Economic Growth : From the late 1980s to 2000, North Carolina’s economy was the 10th fastest growing in the nation. Our output of goods and services increased 72 percent. Even production from manufacturing rose 34 percent. But because service output jumped 88 percent, the share of our economy based on manufacturing fell from 30 percent in 1987 to 23 percent in 2000.
Although the state’s factories, in aggregate, produced more in the years before the recession, the composition of this production dramatically changed. Traditional manufacturing (tobacco products, textiles and apparel, and furniture) output dropped, but output from nontraditional manufacturing rose.
Work: Certainly a trend in our state, and the nation, has been the growth of jobs in service industries and the reduction of employment in manufacturing. During the decade of the 1990s in North Carolina, service industry jobs increased 30 percent while 13 percent of manufacturing jobs were lost. Factory output still went up because output per worker rose through the use of better machinery and technology.
Income: What have all these economic trends meant for average personal income in North Carolina?
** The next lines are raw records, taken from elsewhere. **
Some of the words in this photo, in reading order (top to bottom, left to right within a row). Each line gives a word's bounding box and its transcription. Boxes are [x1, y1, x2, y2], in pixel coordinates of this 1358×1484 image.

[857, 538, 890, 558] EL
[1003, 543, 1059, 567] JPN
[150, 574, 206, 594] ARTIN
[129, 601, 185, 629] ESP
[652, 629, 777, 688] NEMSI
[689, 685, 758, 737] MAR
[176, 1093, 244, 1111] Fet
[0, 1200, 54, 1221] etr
On this count, there have been two positive developments. First, average personal income in North Carolina has been rising faster than the cost of living in each of the past three decades. In the 1970s the increase was 18 percent, in the ‘80s it was 33 percent, and another 18 percent gain was registered in the '90s.
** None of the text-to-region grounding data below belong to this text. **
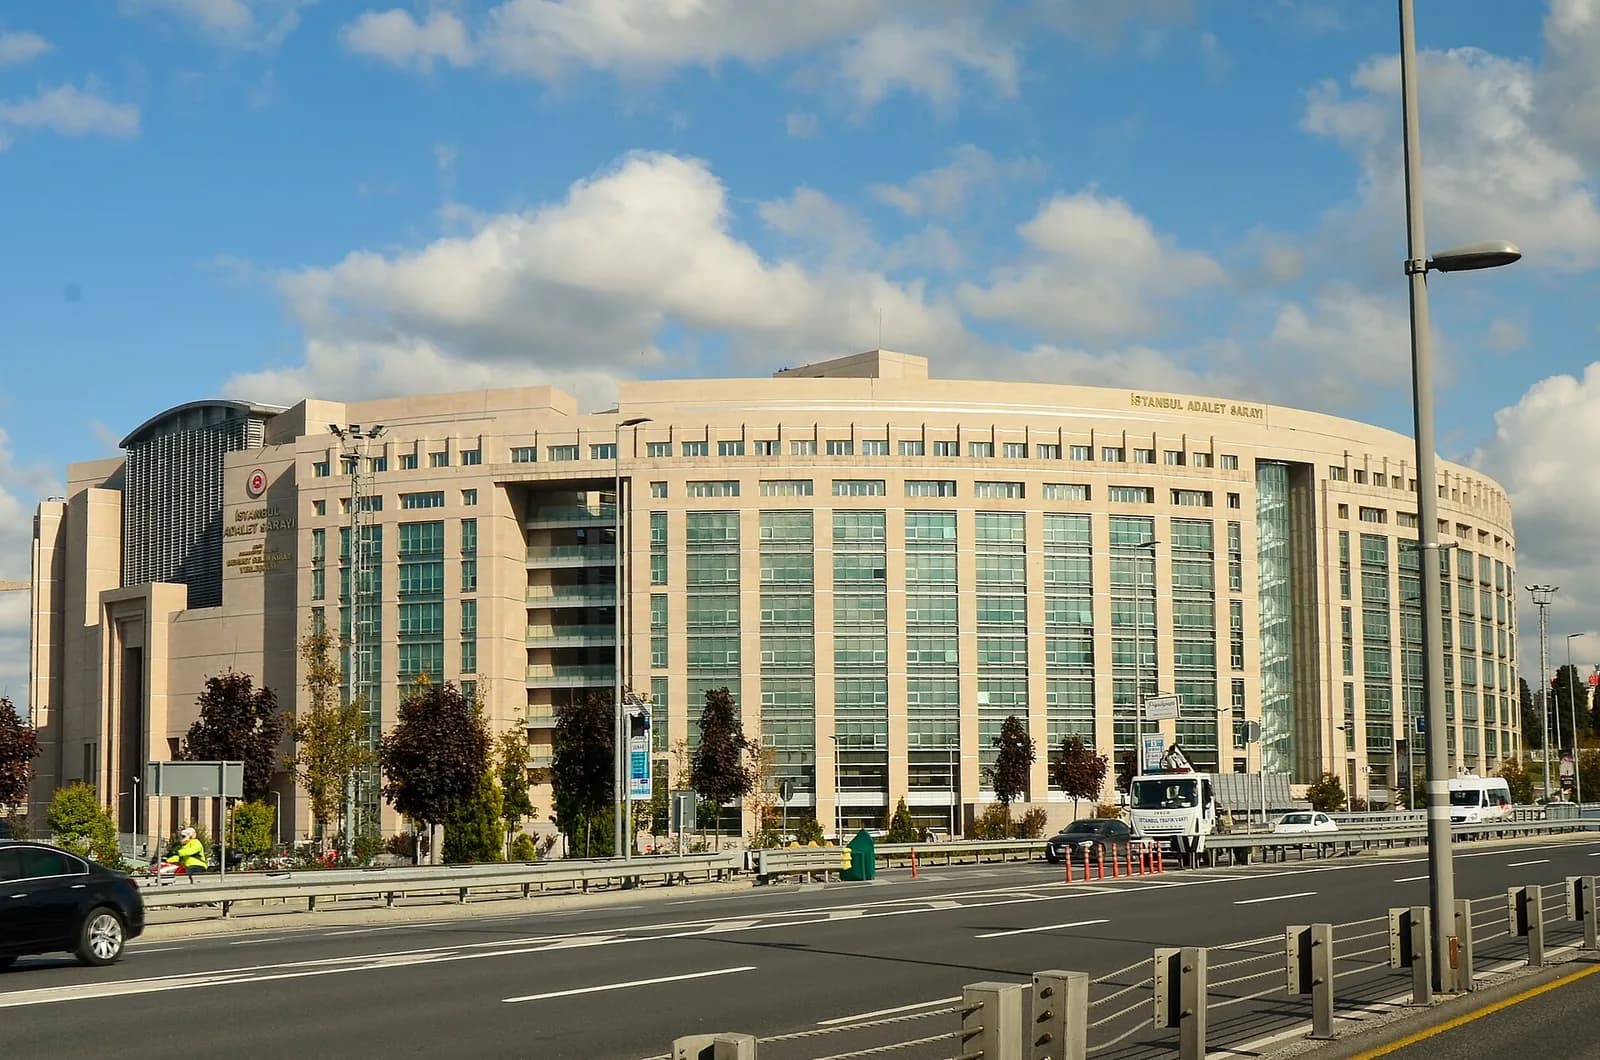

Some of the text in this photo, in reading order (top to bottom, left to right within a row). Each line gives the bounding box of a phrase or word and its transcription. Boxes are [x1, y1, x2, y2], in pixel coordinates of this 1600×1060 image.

[1187, 400, 1226, 414] ADALET
[1230, 405, 1263, 419] SARAYI
[224, 519, 296, 537] ADALET SARAYI
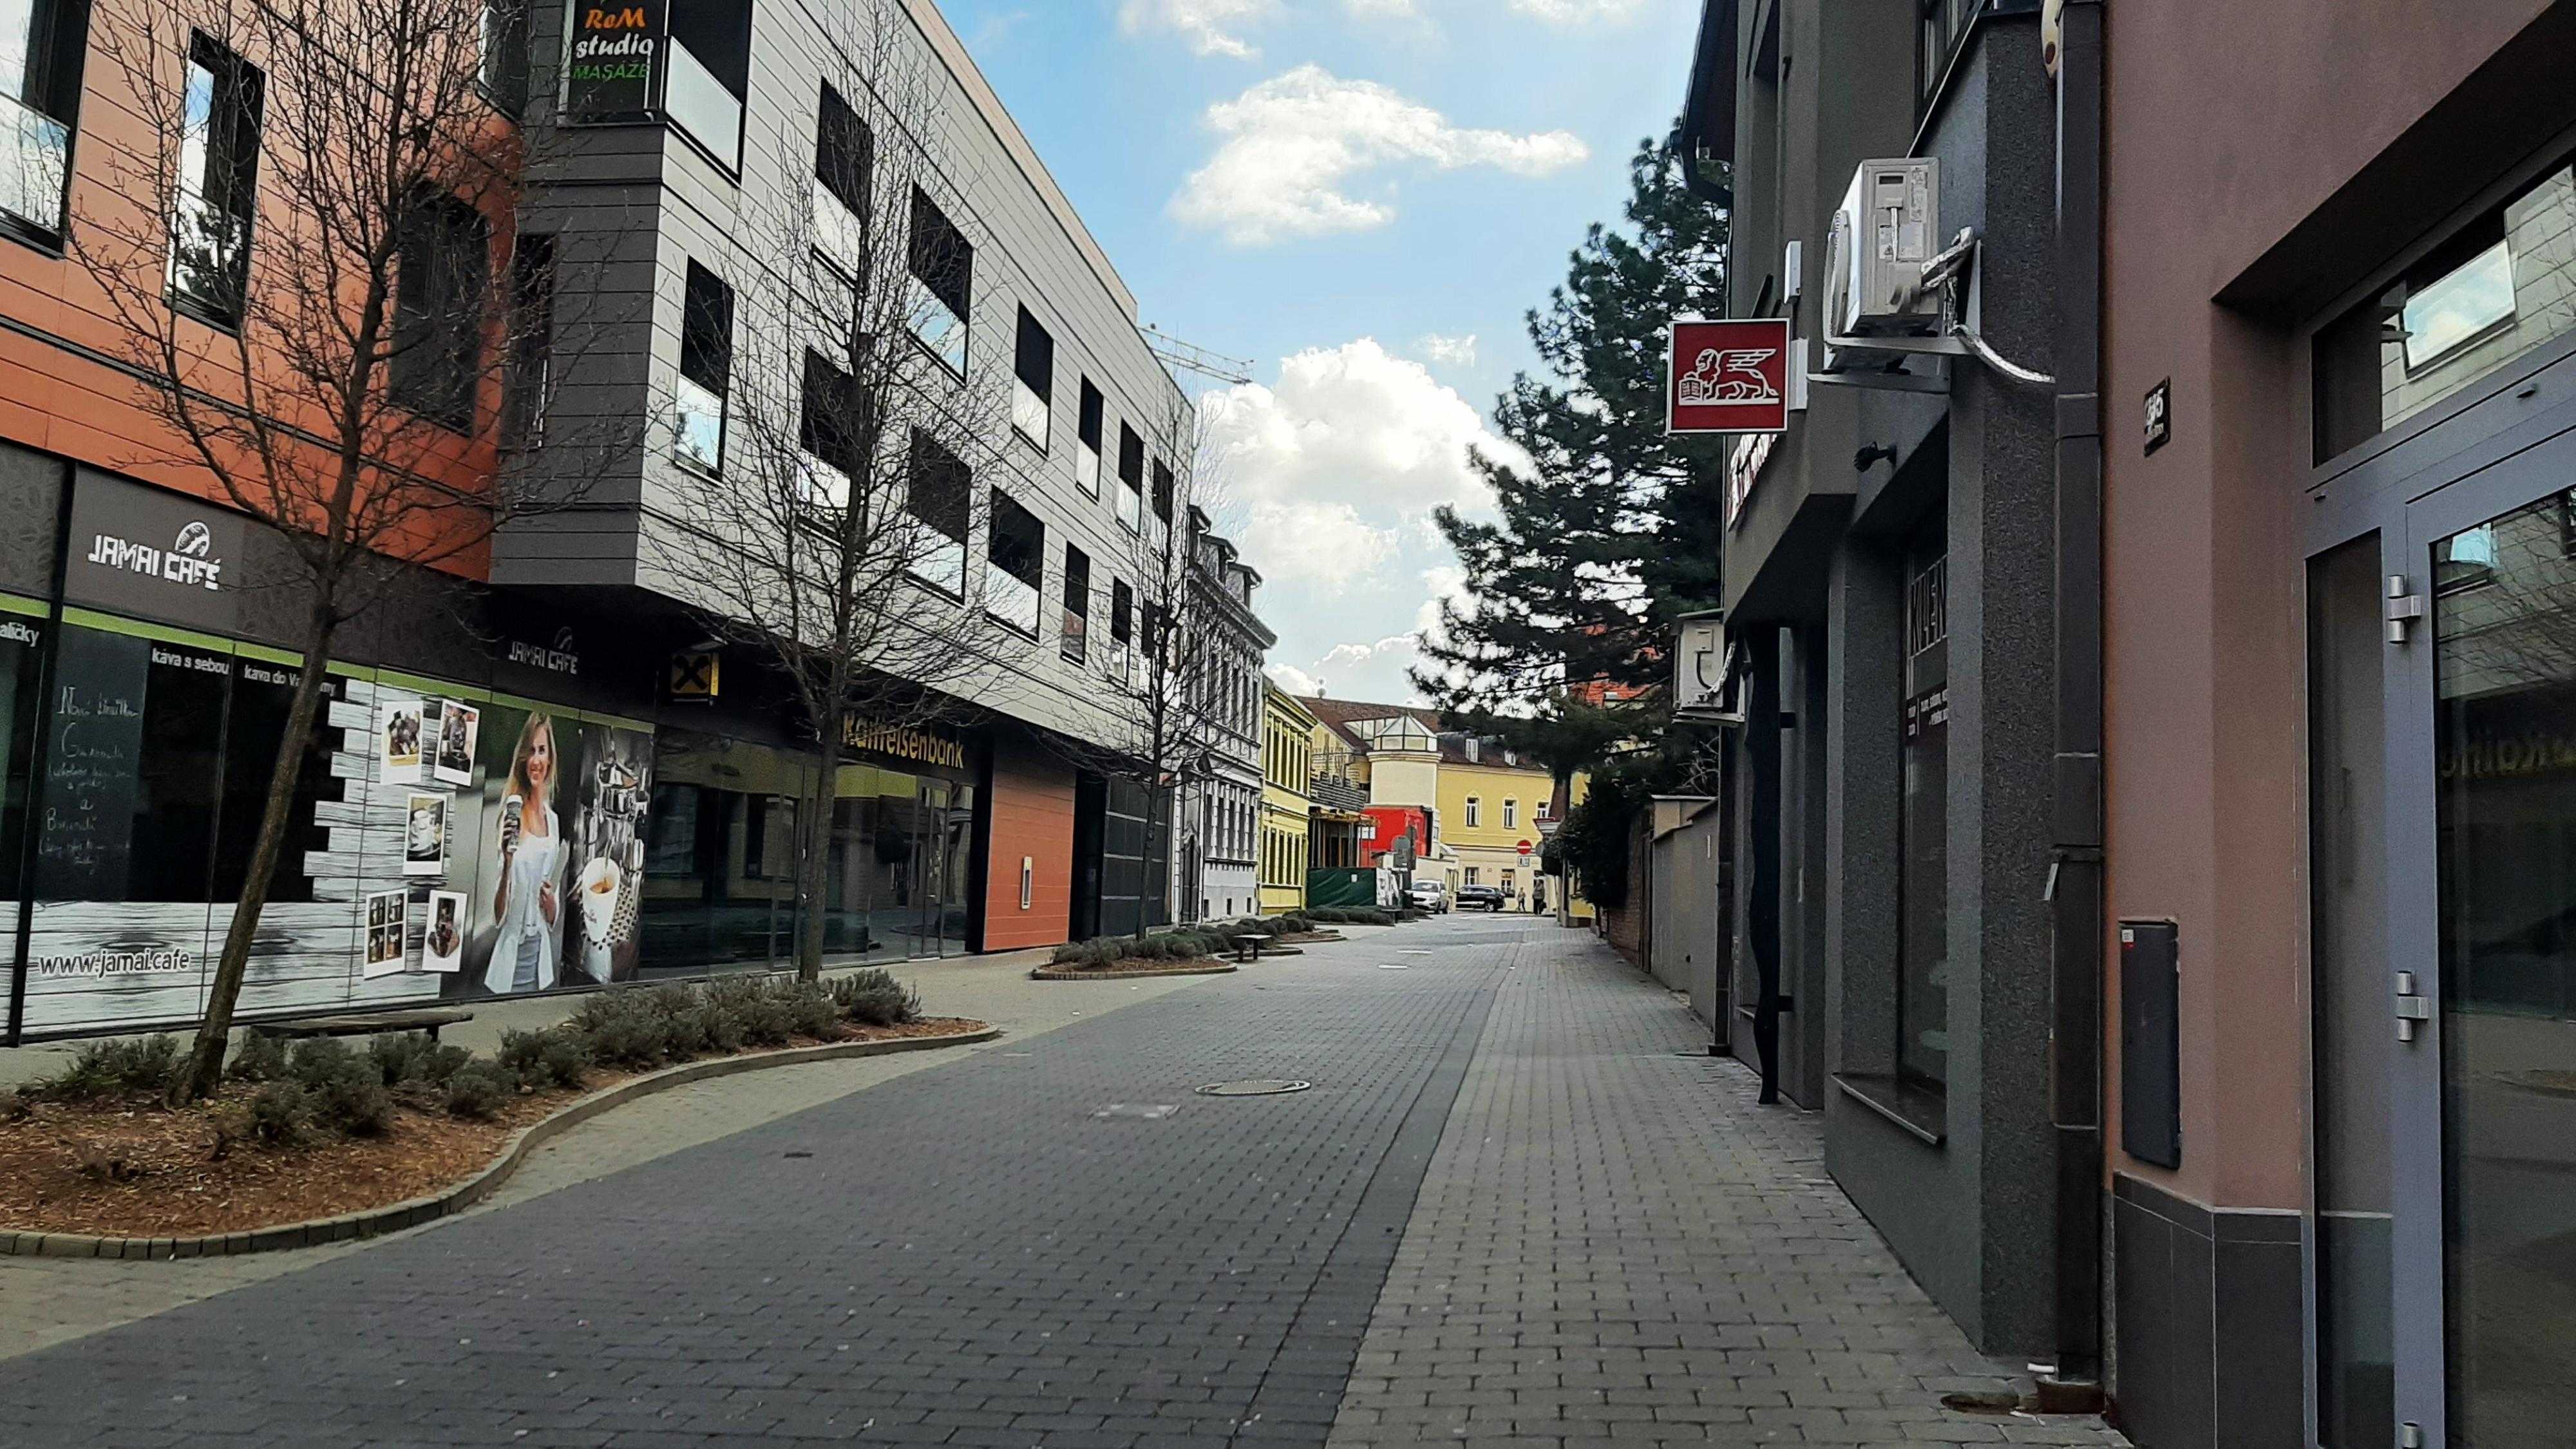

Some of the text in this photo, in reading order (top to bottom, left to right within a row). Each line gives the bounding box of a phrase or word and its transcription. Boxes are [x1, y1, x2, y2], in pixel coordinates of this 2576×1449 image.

[576, 32, 654, 59] studio
[88, 534, 160, 576] JAMAI
[164, 551, 221, 591] CAFÉ
[0, 621, 39, 647] aličky
[152, 647, 229, 676] káva s sebou
[272, 670, 287, 685] do
[39, 948, 190, 979] www.jamai.cafe
Also noteworthy is the fact these rapid income gains have moved the state’s average personal income closer to the national average. In 1970, average personal income in North Carolina was only 80 percent of the national average. By 1990, we had moved to 88 percent of the national average, and in 2000, we stood at 91 percent of the national average.
These income changes have created one disturbing trend in North Carolina — increasing income inequality. Because many of the factors affecting the North Carolina economy in the recent decades have favored workers with education and skills, income has become less equally distributed over the past 20 years.
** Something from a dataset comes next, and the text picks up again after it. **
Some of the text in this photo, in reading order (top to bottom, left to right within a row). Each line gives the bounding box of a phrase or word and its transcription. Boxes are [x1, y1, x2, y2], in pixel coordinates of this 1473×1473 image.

Challenges: This documentation of favorable economic trends in North Carolina is not to ignore the economic challenges facing the state. I see these challenges in three categories. First is successfully moving workers displaced by the decline in traditional manufacturing into other fruitful employment. This will take a combination of individual motivation as well as educational opportunities. However, the state should resist targeting or directing individuals to specific occupational categories.
Second is putting North Carolina’ budget and tax systems on sound footing for the future. To accomplish this, I recommend limiting annual increases in state spending to some factor accounting for inflation and population growth. This would allow accumulation of a “business cycle reserve,” or “rainy day fund,” during years of strong economic growth.
The reserve or fund could then be drawn on during recessionary years in or to avoid spending cuts or tax increases.
For the tax system, I suggest state policymakers consider a simple, easily understood “flat” income tax to replace the current taxes in the General Fund. In an earlier issue of Carolina Journal, I estimated a flat rate of 9 percent on household and business taxable income could supply the same revenue as the current individual and corporate income taxes, the sales tax, and other smaller taxes. Then, the state could leave the sales tax for exclusive use by counties.
Third, North Carolina needs a sound way of funding public infrastructure (roads, schools, etc.) that keeps pace with growth. Indeed, there is no reason why this can’t be done. What is required, however, is reserving earmarked funds, like the highway funds, specifically for those functions. There have been many examples of highway funds being transferred for nonhighway spending. Also, as a result of the long periods between revaluations, local property tax revenues will not necessarily keep pace with economic growth without constant tax rate increases. The state and counties should consider revamping the property tax or replacing it with a broader based tax, such as the sales tax.
North Carolina’s economy has experienced remarkable progress over recent decades, and this progress will likely continue in the years ahead. Yet economies never grow in a straight line. There will be periodic dips, or recessions. Also, all industries do not grow at the same rate. In fact, aggregate economic growth is generally associated with some industries declining while others expand. But, in total, the good news usually trumps the bad news, and we do move forward.